→ **What is expected**
Every entry must be set down exactly in the answer; no pictures should appear.

Records from a data source:
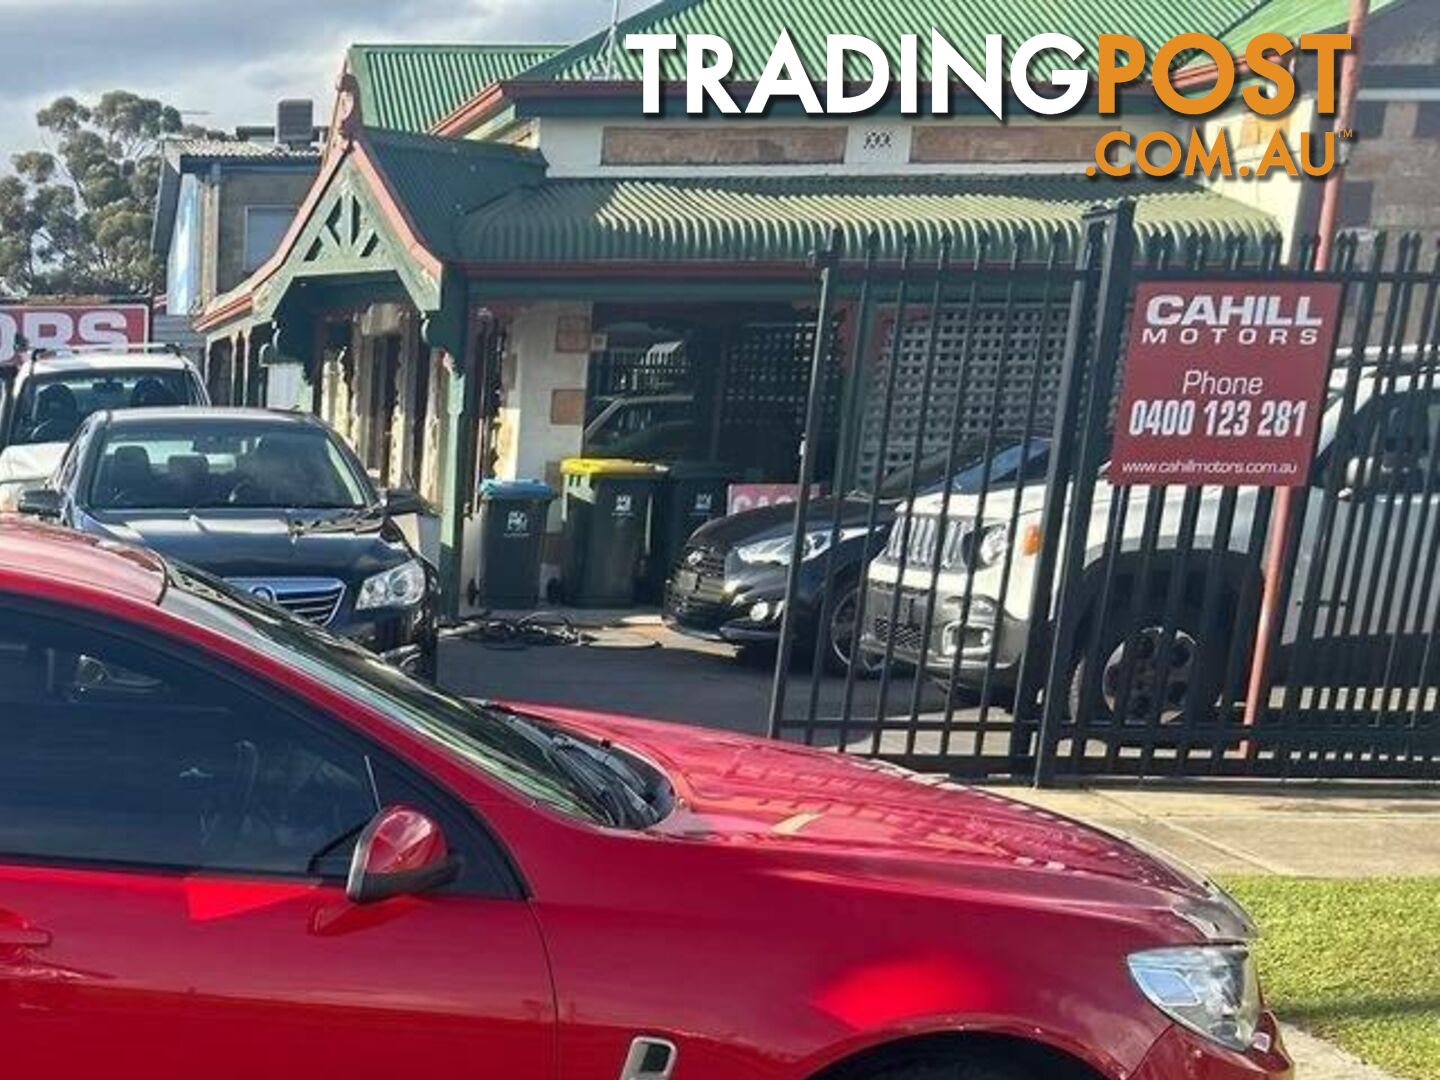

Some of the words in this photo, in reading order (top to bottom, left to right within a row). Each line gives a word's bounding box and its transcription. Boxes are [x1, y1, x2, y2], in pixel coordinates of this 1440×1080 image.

[1146, 294, 1323, 326] CAHILL
[1141, 328, 1319, 345] MOTORS
[1182, 370, 1264, 395] Phone
[1129, 400, 1195, 436] 0400
[1203, 400, 1251, 436] 123
[1257, 401, 1307, 437] 281
[1121, 460, 1298, 474] www.cahillmotors.com.au
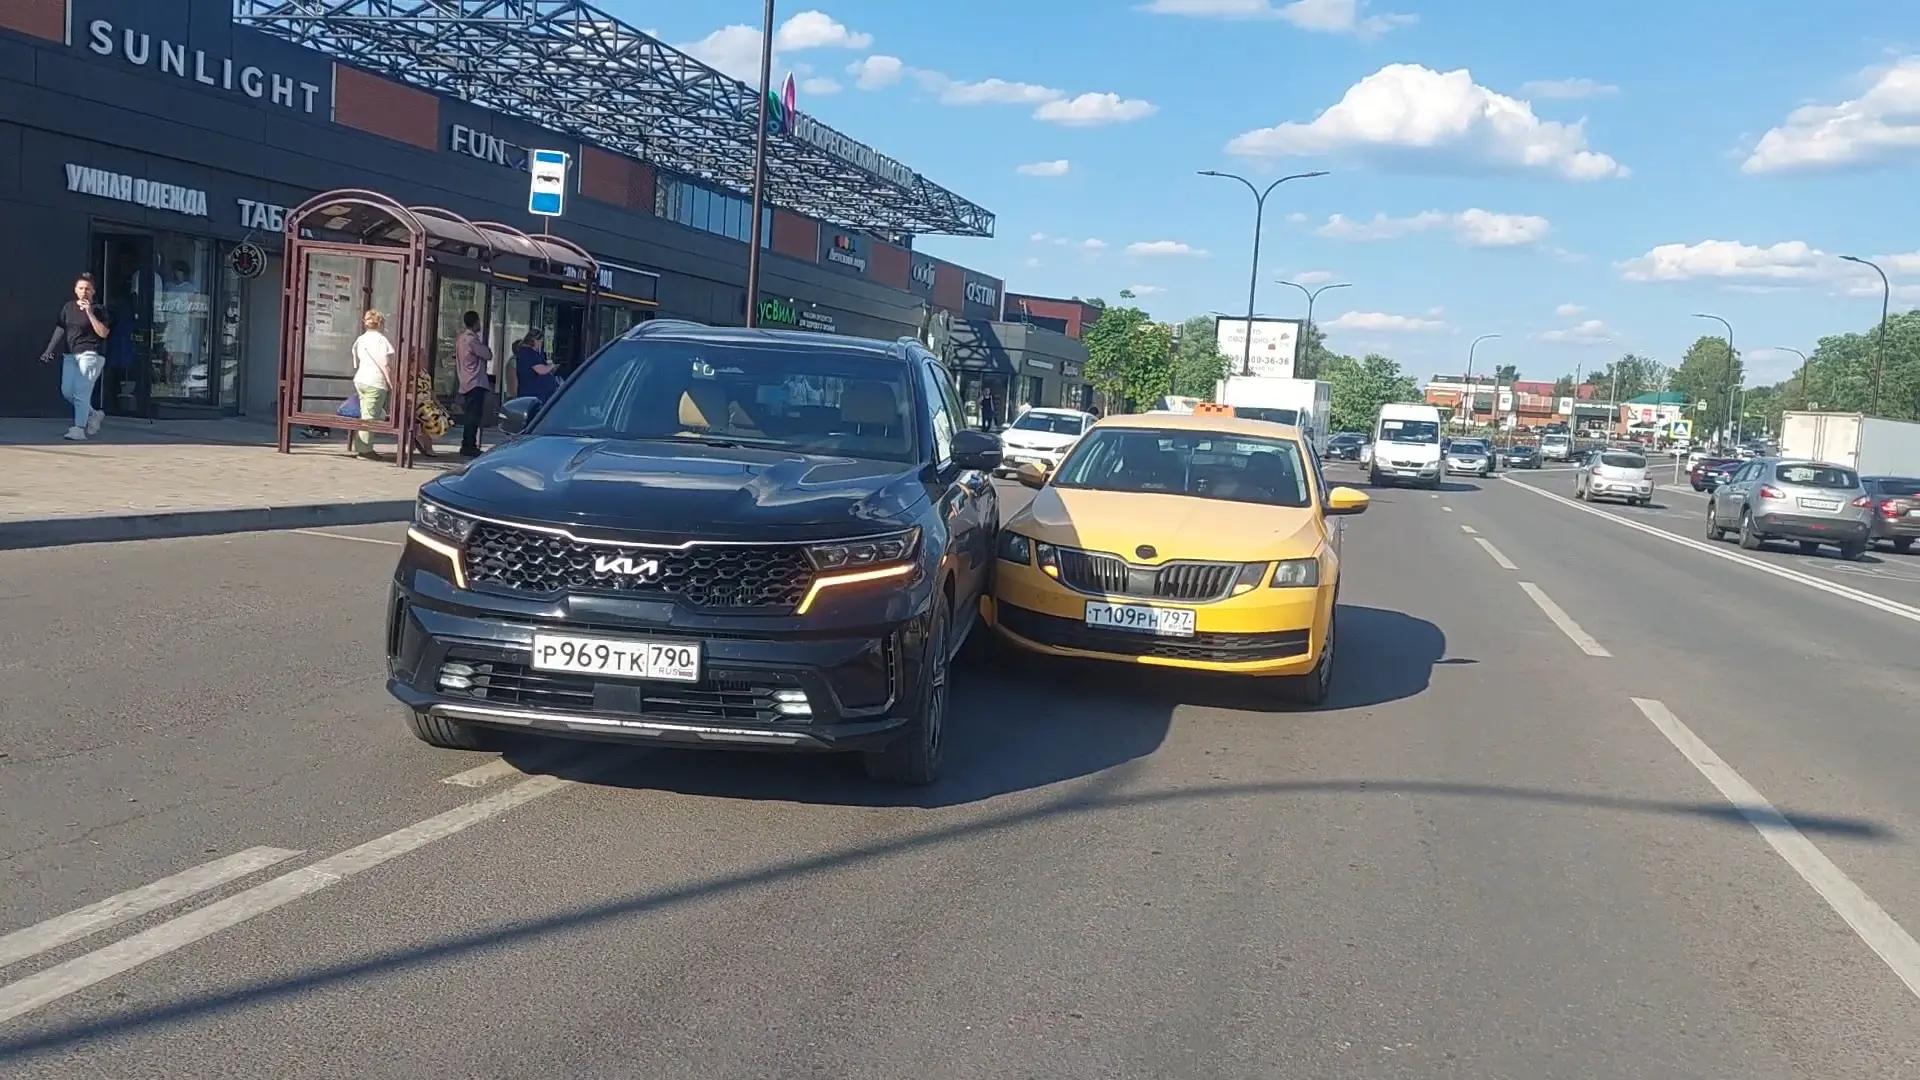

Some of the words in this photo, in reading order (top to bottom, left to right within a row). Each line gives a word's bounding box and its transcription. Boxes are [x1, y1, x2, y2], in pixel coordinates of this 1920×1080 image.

[89, 19, 320, 113] SUNLIGHT
[451, 123, 505, 165] FUN
[65, 163, 133, 202] УМНАЯ
[133, 177, 208, 217] ОДЕЖДА
[237, 199, 313, 238] ТАБ
[1163, 610, 1190, 626] 797
[651, 646, 691, 667] 790
[658, 667, 680, 676] RUS

→ **Exercise result**
Some of the words in this photo, in reading order (top to bottom, left to right within a row). Each line gives a word's bounding box and its transcription. Boxes are [x1, y1, x2, y2], in pixel coordinates of this 1440×1080 image.

[1146, 294, 1323, 326] CAHILL
[1141, 328, 1319, 345] MOTORS
[1182, 370, 1264, 395] Phone
[1129, 400, 1195, 436] 0400
[1203, 400, 1251, 436] 123
[1257, 401, 1307, 437] 281
[1121, 460, 1298, 474] www.cahillmotors.com.au

Some of the words in this photo, in reading order (top to bottom, left to right within a row). Each line gives a word's bounding box and its transcription. Boxes are [x1, y1, x2, y2], in pixel coordinates of this 1920×1080 image.

[89, 19, 320, 113] SUNLIGHT
[451, 123, 505, 165] FUN
[65, 163, 133, 202] УМНАЯ
[133, 177, 208, 217] ОДЕЖДА
[237, 199, 313, 238] ТАБ
[1163, 610, 1190, 626] 797
[651, 646, 691, 667] 790
[658, 667, 680, 676] RUS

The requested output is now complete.